» Problem to solve
The response must consist of the records below, copied exactly.

» Supplied entries

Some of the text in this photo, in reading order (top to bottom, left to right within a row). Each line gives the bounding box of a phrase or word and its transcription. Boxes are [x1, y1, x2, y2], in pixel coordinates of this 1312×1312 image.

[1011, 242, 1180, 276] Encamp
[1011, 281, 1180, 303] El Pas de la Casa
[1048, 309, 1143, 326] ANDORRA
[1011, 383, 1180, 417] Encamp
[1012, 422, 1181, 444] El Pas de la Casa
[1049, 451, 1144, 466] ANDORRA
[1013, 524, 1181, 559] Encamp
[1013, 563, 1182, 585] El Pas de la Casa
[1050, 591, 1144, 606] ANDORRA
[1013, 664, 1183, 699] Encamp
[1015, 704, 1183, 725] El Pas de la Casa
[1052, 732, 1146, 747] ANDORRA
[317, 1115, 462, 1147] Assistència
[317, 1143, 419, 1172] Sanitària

» Task response
Some of the text in this photo, in reading order (top to bottom, left to right within a row). Each line gives the bounding box of a phrase or word and its transcription. Boxes are [x1, y1, x2, y2], in pixel coordinates of this 1312×1312 image.

[1011, 242, 1180, 276] Encamp
[1011, 281, 1180, 303] El Pas de la Casa
[1048, 309, 1143, 326] ANDORRA
[1011, 383, 1180, 417] Encamp
[1012, 422, 1181, 444] El Pas de la Casa
[1049, 451, 1144, 466] ANDORRA
[1013, 524, 1181, 559] Encamp
[1013, 563, 1182, 585] El Pas de la Casa
[1050, 591, 1144, 606] ANDORRA
[1013, 664, 1183, 699] Encamp
[1015, 704, 1183, 725] El Pas de la Casa
[1052, 732, 1146, 747] ANDORRA
[317, 1115, 462, 1147] Assistència
[317, 1143, 419, 1172] Sanitària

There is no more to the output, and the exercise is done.